All blame goes to three men on a journey, three men on bikes, three men in "Patagonia" (Terre di mezzo, 160 pages, 22 euros): Francesco Frank Lotta, radio narrator on Radio Deejay, Paolo Penni Martelli, photographer, and Willy Mulonia, cycle traveler. Frank, Penni, and Willy, "the voice, the eye, and the heart": a thousand kilometers in a couple of weeks "at the world's edges", not to tell of a feat, but to "listen to stories, breathe new scents, fill our eyes with space and our skin with wind".
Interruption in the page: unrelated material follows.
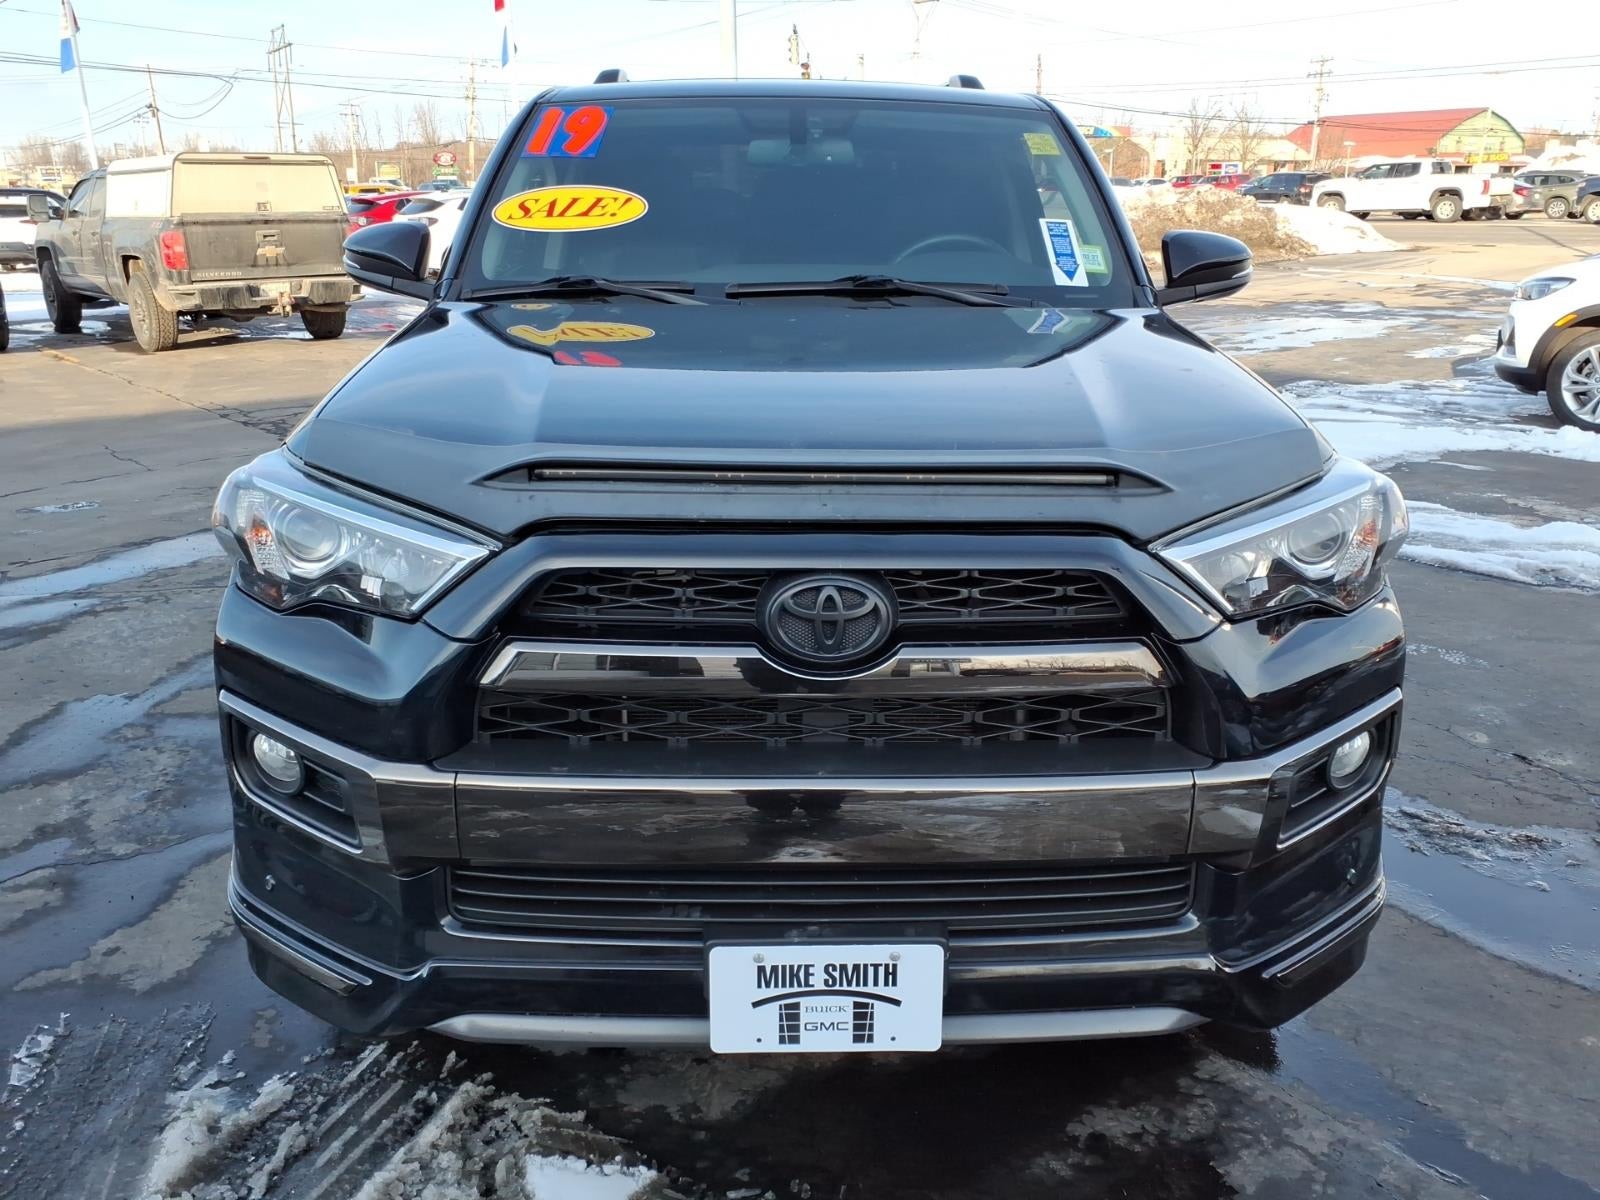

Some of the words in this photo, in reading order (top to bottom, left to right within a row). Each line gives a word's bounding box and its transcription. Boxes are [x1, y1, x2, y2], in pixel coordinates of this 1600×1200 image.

Part diary and part novel, part maps and many photos, part cycling and part psychoanalysis, part memory and part philosophy, especially that glacier of ice, that horizontal space, that dilated and stretched time, that intensity heightened by solitude and amplified by silence. And the encounters. Like the one with Mario: 94 years old, from Trentino origins, founder of a rare and remote bicycle shop, his birth cost his mother's life, his body now crushed by age, expropriating land from strangers to return it to local populations. "I never sought life, it found me. I was just open and predisposed to the path God had chosen for me". Or like the one with a tree: "It's not particularly tall, and it wouldn't even be beautiful by conventional standards: the crown is bare, the trunk color is a tired brown, but its position and the way it leans into the wind make you fall in love. Alone in the middle of nowhere, unique and isolated for kilometers, it's at the center of a desolate plain marked by infamous and constant currents".

This "Patagonia" reminds one to look and look at oneself, teaches how to stop and restart, warns to breathe love and friendship, invites distributing affection and respect. "Life runs fast". Even on a bike.